**The task**
Reproduce the entries below exactly, but leave the pictures out.

Collected data
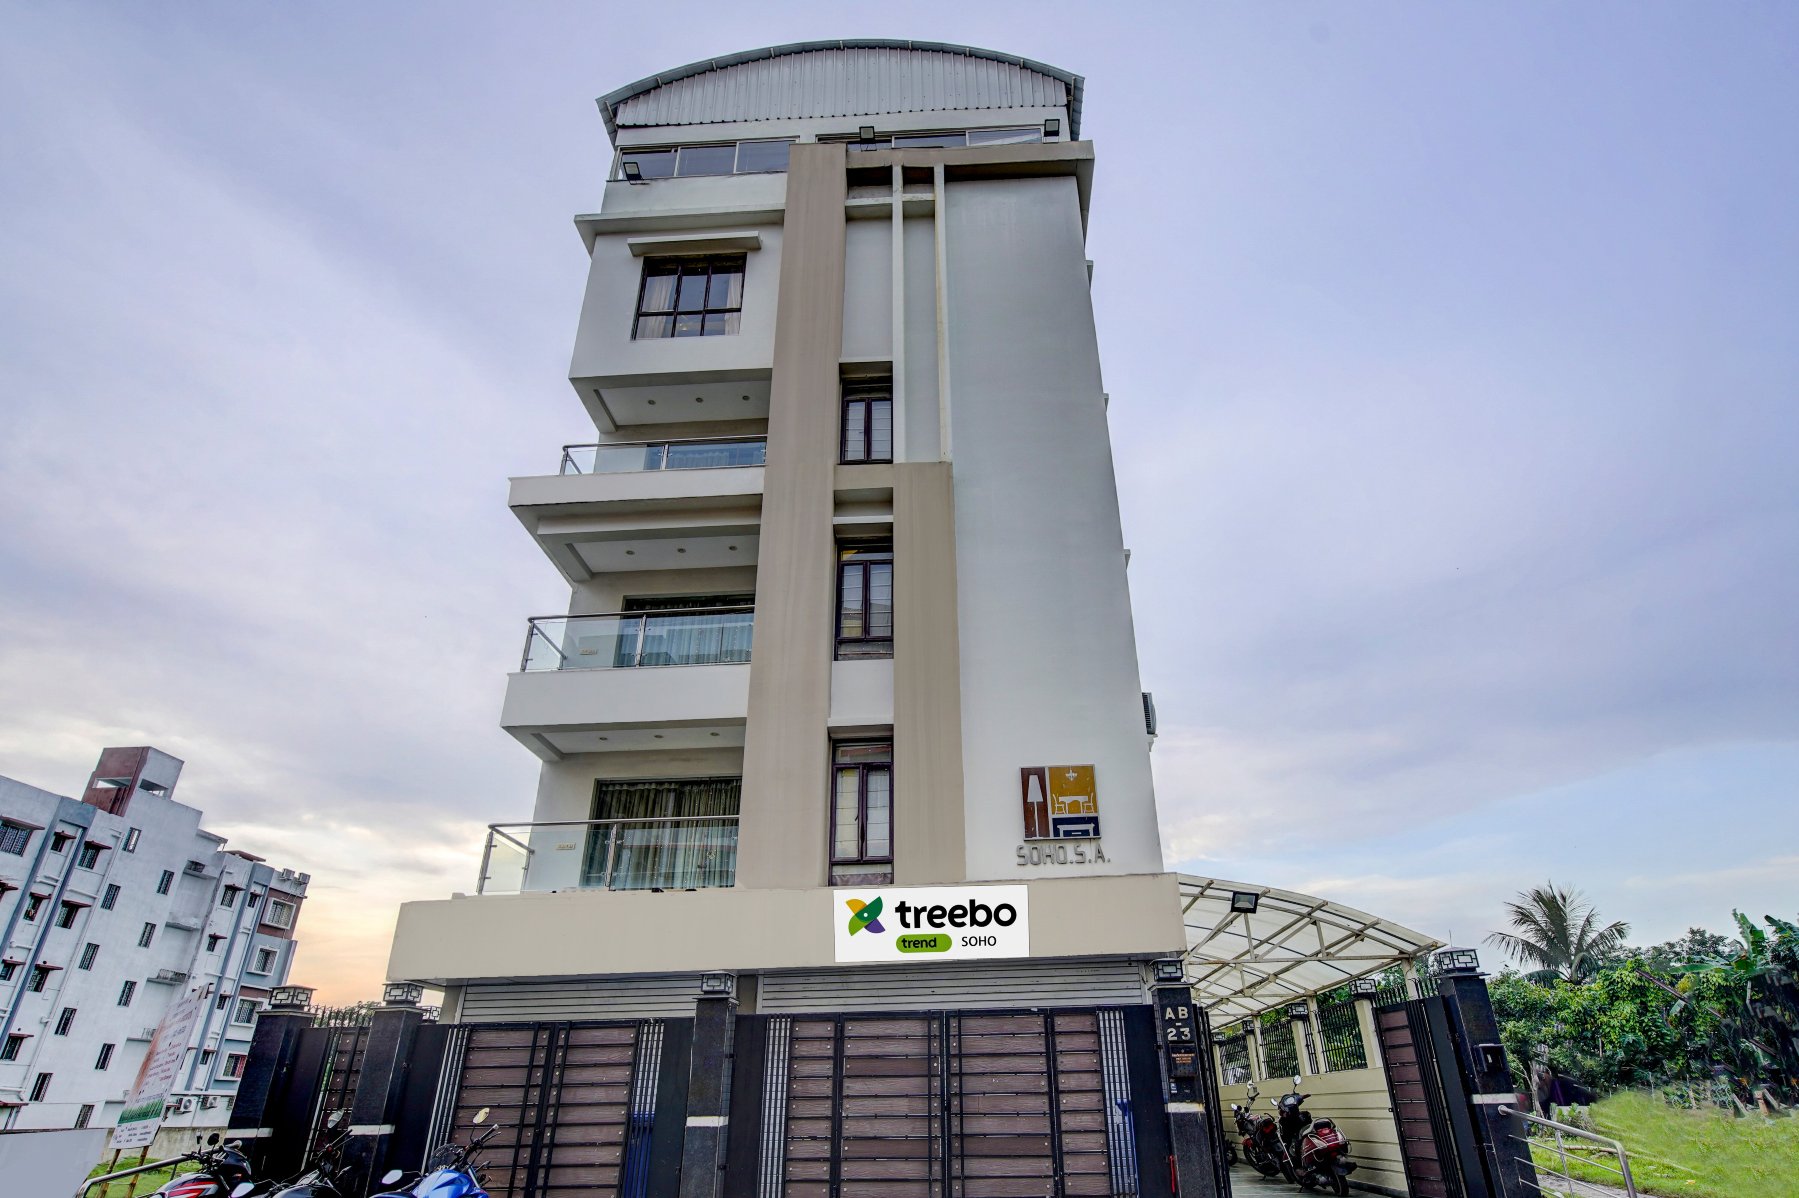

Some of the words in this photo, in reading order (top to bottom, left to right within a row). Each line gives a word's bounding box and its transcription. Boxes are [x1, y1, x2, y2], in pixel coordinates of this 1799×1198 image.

[1016, 843, 1111, 866] SOHO.S.A.
[895, 898, 1017, 929] treebo
[901, 937, 937, 949] trend
[961, 935, 997, 947] SOHO
[1165, 1006, 1189, 1020] AB
[1166, 1027, 1191, 1041] 23
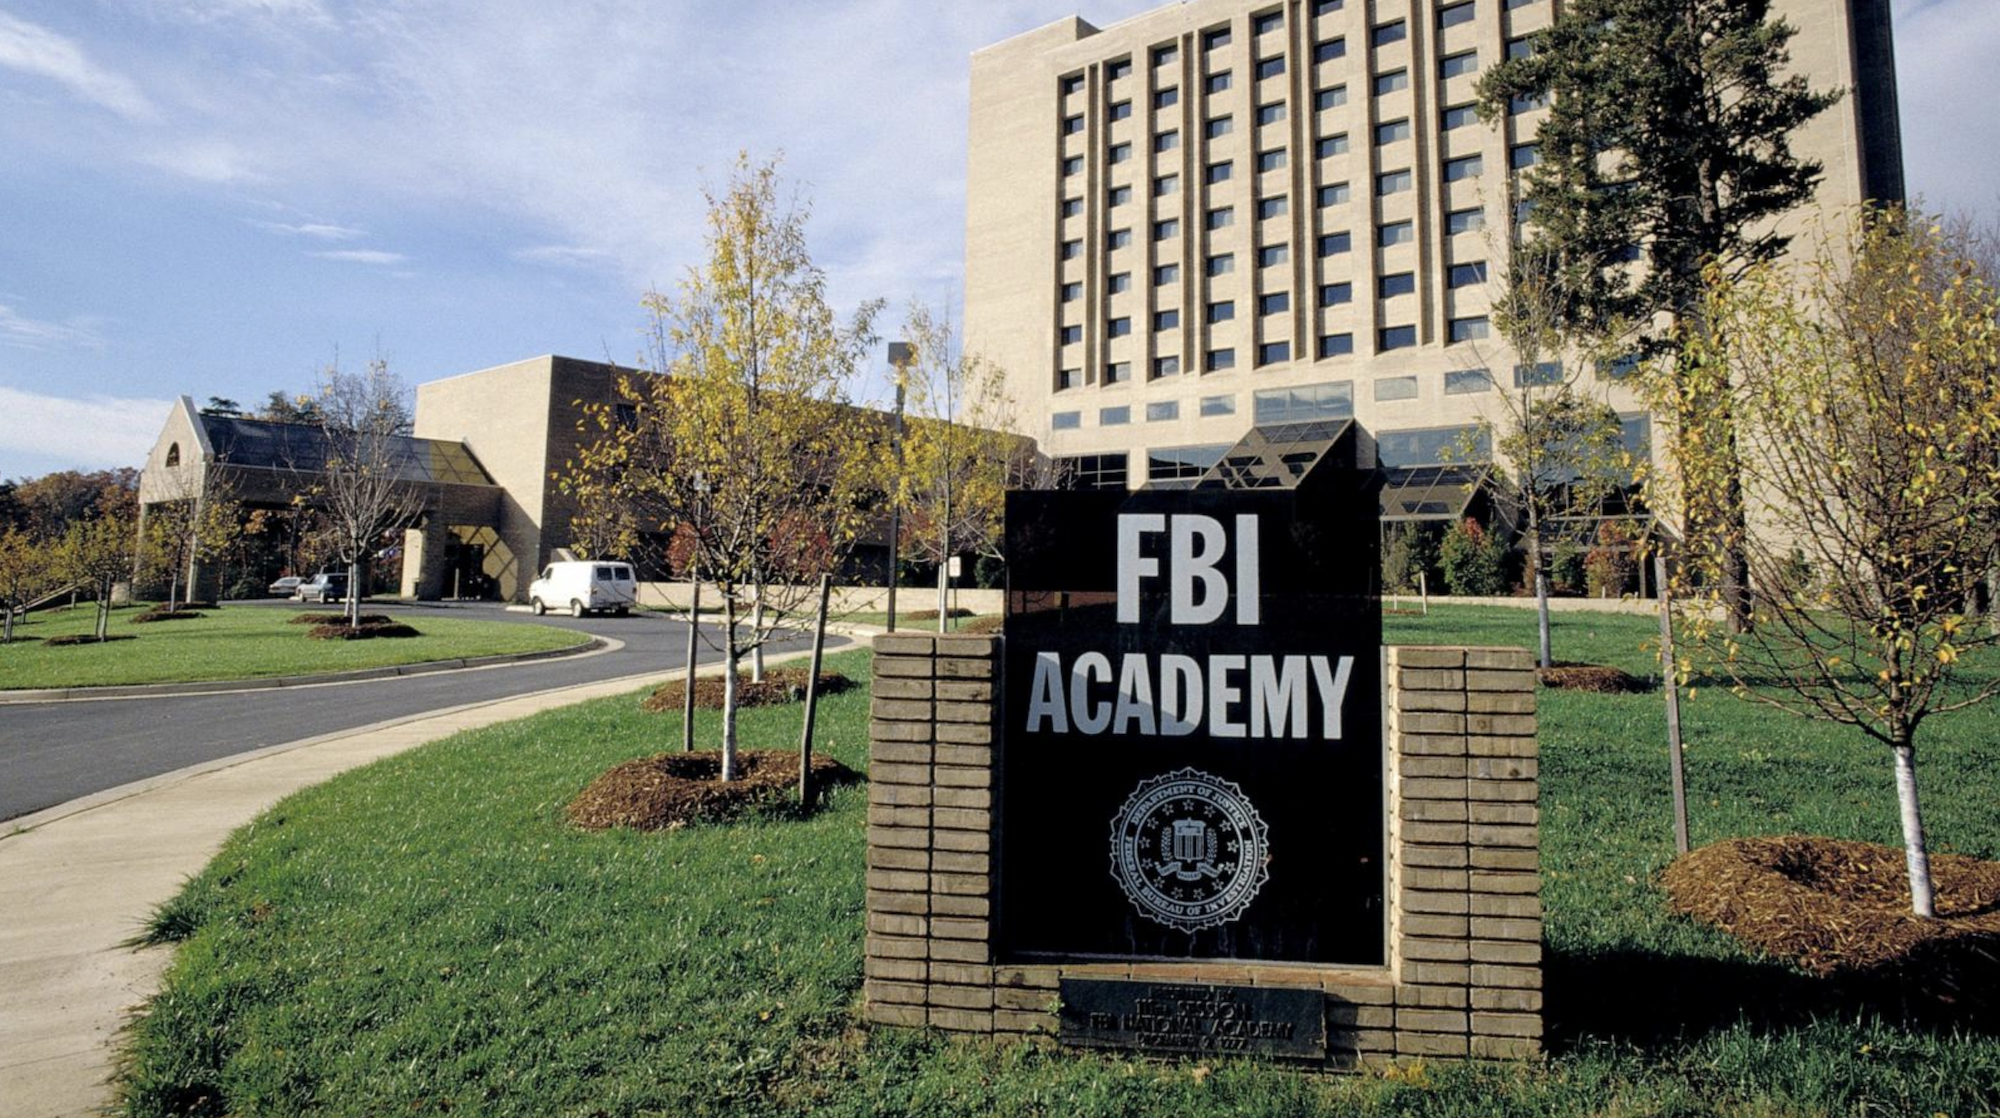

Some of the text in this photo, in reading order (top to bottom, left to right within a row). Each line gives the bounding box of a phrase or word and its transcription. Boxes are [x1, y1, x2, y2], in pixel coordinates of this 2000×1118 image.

[1117, 513, 1260, 625] FBI
[1026, 651, 1355, 740] ACADEMY
[1131, 785, 1249, 829] DEPARTMENT OF JUSTICE
[1125, 836, 1253, 916] FEDERAL BUREAU OF INVESTIGATION

**Exercise output**
Some of the words in this photo, in reading order (top to bottom, left to right within a row). Each line gives a word's bounding box and its transcription. Boxes are [x1, y1, x2, y2], in pixel coordinates of this 1799×1198 image.

[1016, 843, 1111, 866] SOHO.S.A.
[895, 898, 1017, 929] treebo
[901, 937, 937, 949] trend
[961, 935, 997, 947] SOHO
[1165, 1006, 1189, 1020] AB
[1166, 1027, 1191, 1041] 23

Some of the text in this photo, in reading order (top to bottom, left to right within a row). Each line gives the bounding box of a phrase or word and its transcription. Boxes are [x1, y1, x2, y2], in pixel coordinates of this 2000×1118 image.

[1117, 513, 1260, 625] FBI
[1026, 651, 1355, 740] ACADEMY
[1131, 785, 1249, 829] DEPARTMENT OF JUSTICE
[1125, 836, 1253, 916] FEDERAL BUREAU OF INVESTIGATION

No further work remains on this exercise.